Would you copy the entries that follow exactly, leaving out every picture?
[[ RECORDS PROVIDED, beginning ]]
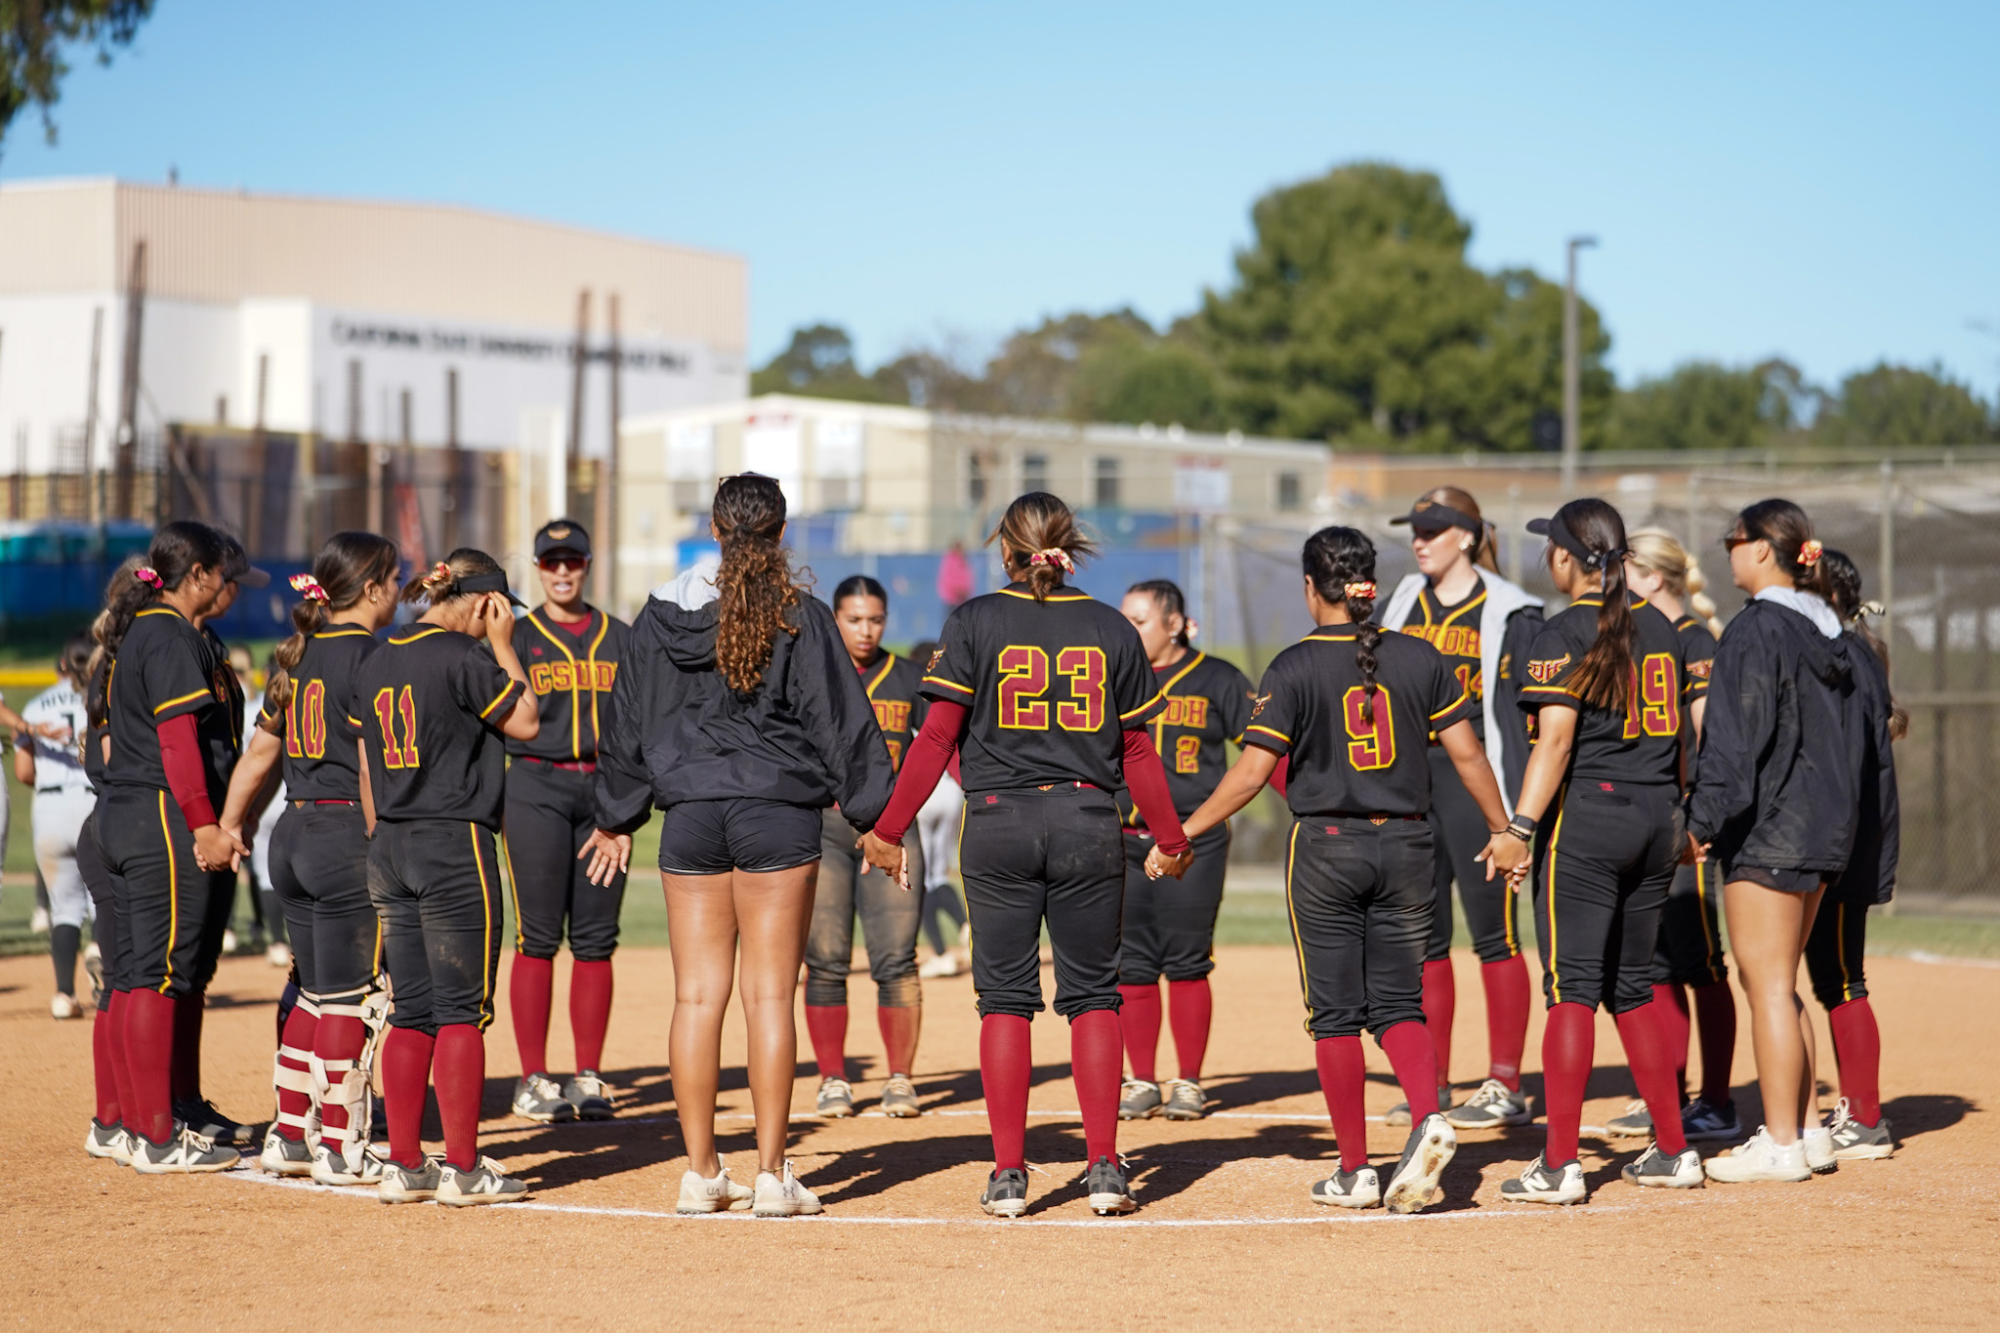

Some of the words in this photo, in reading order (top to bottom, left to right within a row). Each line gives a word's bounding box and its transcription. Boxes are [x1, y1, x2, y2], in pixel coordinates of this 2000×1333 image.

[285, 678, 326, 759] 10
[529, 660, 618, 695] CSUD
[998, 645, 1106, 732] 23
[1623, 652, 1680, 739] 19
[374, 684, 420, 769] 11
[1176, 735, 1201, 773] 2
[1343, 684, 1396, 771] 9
[[ RECORDS PROVIDED, end ]]
TASK OUTPUT:
Some of the words in this photo, in reading order (top to bottom, left to right within a row). Each line gives a word's bounding box and its transcription. Boxes are [x1, y1, x2, y2], in pixel coordinates of this 2000×1333 image.

[285, 678, 326, 759] 10
[529, 660, 618, 695] CSUD
[998, 645, 1106, 732] 23
[1623, 652, 1680, 739] 19
[374, 684, 420, 769] 11
[1176, 735, 1201, 773] 2
[1343, 684, 1396, 771] 9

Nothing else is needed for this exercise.